I know April Fools’ is next week, but…

  1. “Following instructions from the concerned US departments”???? I never knew the travel ban included electronics

  2. Likely policy based on US intelligence. Similar action happened in Cairo in the wake of the Russian airline crash.

  3. Even in the US you’re not allowed to check lithium ion batteries. Do I take the battery out of my laptop and bring it on board (assuming your laptop even allows that).

  4. @Jack That applies internationally as well. My father’s checked bag was delayed and arrived on a separate flight because his left his battery pack in there and the airport had to remove it, after he checked it.

    This is really ridiculous and I’m curious to see which US departments had these concerns…….

  5. This is hilarious. Are they that naïve that they think people will follow this? What exactly will they do when the plane takes off and people pull a tablet or camera out of their hand luggage? What makes mobile phone so safe that they are exempt.
    You have to wonder how a company this naïve have managed to operate a successful airline.

  6. They seem to be signaling that US intelligence thinks there are real risks here. That’s either nuts or scary. Either way, it would seriously impact my desire to fly them.

  7. @Jay, and if you have already booked an non-refundable ticket?

    Interesting I don’t see a mention of this on their website. I guess you just get to be surprised when you show up for your flight.

  8. I don’t doubt RJ got the idea from some US agency somewhere. The question is, where? I’m not hearing anything from the usual sources (multiple airline + gov’t friends).

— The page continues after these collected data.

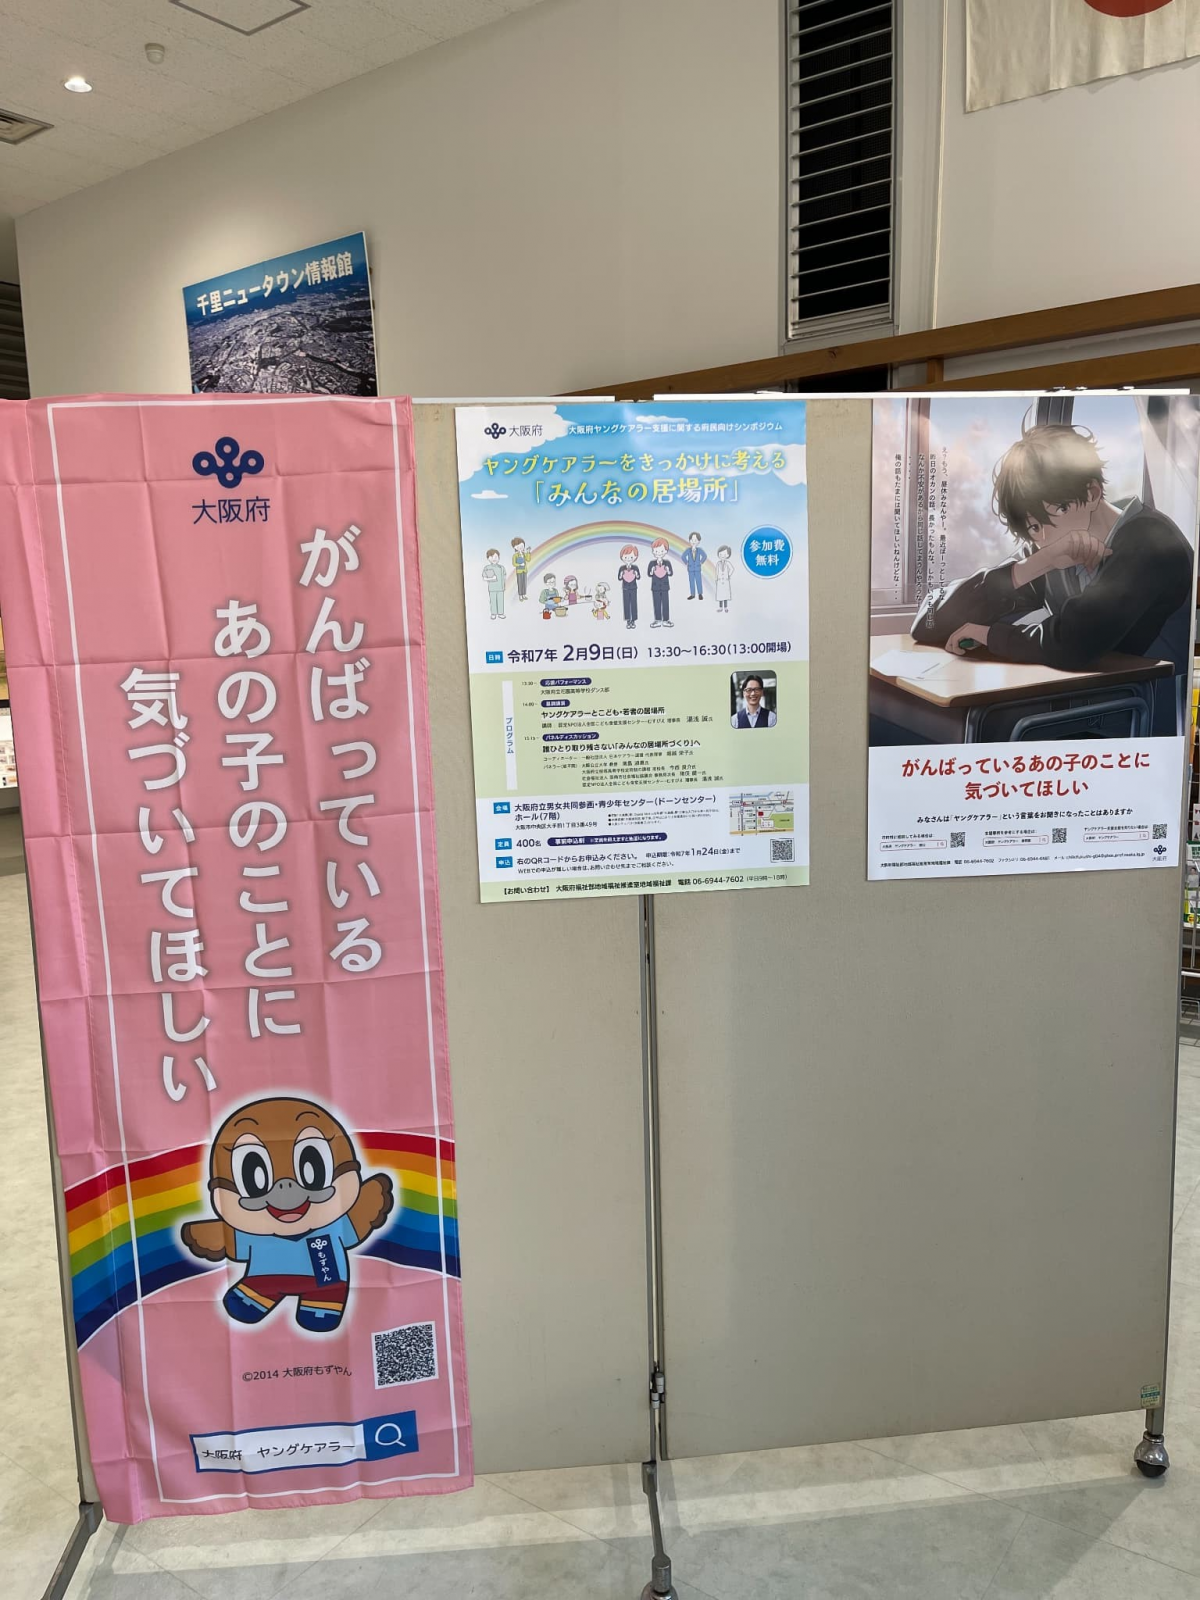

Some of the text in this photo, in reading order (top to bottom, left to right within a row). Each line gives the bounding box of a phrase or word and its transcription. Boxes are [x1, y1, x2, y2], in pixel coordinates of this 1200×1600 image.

[196, 251, 354, 316] 千里ニュータウン情報館
[508, 424, 543, 437] 大阪府
[568, 422, 783, 435] 大阪府ヤングケアラー支援に関する府民向けシンポジウム
[483, 449, 787, 477] ヤングケアラーをきっかけに考える
[534, 476, 741, 506] 「みんなの居場所」
[191, 496, 270, 524] 大阪府
[749, 539, 785, 552] 参加費
[755, 553, 780, 567] 無料
[507, 648, 558, 663] 令和7年
[505, 717, 514, 754] プログラム
[299, 525, 382, 972] がんばっている
[901, 752, 1150, 777] がんばっているあの子のことに
[965, 779, 1089, 800] 気づいてほしい
[214, 600, 301, 1038] あの子のことに
[514, 811, 560, 822] ホール(7階)
[516, 838, 541, 848] 400名
[516, 853, 638, 865] 右のQRコードからお申込みください。
[120, 668, 217, 1102] 気づいてほしい
[692, 875, 744, 885] 06-6944-7602
[317, 1251, 332, 1282] もずやん
[242, 1365, 353, 1382] ©2014 大阪府もずやん
[201, 1441, 356, 1461] 大阪府 ヤングケアラー

    Given the list, the concern seems to be about large batteries more than anything. This seems very counter-intuitive compared to the US DOT’s rules on carrying batteries, which insists the larger ones be carried on board so they can be dealt with by the flight crew in case one of them decides to act up.

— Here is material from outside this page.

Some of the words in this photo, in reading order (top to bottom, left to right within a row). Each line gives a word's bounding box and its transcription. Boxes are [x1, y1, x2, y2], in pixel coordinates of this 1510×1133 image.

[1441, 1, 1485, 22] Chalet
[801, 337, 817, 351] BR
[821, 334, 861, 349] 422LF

  9. According to a reliable US source, this will happen on all Middle East airlines flights that do NOT go through a US pre-clearance facility. It will be announced tomorrow – looks like Royal Jordanian announced before they were supposed to. Not a joke.

  10. Some flights going to the US already do a second baggage check at the gate — they go through your backpack, camera bag, etc. so I’m sure that’s how they’ll enforce this policy.

  11. From what I’ve heard – All airlines flying out of the Middle East to the US will have to comply with this policy. Airports with a US pre-clearance facility (Abu Dhabi) will be exempt.

  12. Quick question: does “all airlines flying out of the Middle East” include Israel and Turkey?

  13. And we thought the TSA restrictions were crazy! Can’t imagine, given a choice, why anyone would fly an airline with this rule.

  14. @Malc
    Malc says:
    March 20, 2017 at 2:08 pm
    @ eponymous coward How do you remove a better?

    Evidently by Electoral College vote.

  15. Seth (The Wandering Aramean) has stated he has heard from a Saudia executive who confirms this will apply to 13 Middle East countries with the exception of Abu Dhabi because of the pre-clearance facility there starting 3/21.

  16. Ben,
    Has anyone explored the idea that this is designed to punish certain airlines (e.g. Emirates and Qatar) for having great service at reasonable prices (we have deals out of Montreal to Australia and New Zealand for $100’s less than on Qantas for example). I other words is this a business issue to help North American and European airlines to recoup lost market share especially on North Atlantic routes???

  17. This is the “big hit” that the bad service US legacy airlines have been so keen to hurt the ME3 with. Only a corrupt POTUS with only 37% approval rating would sign this off.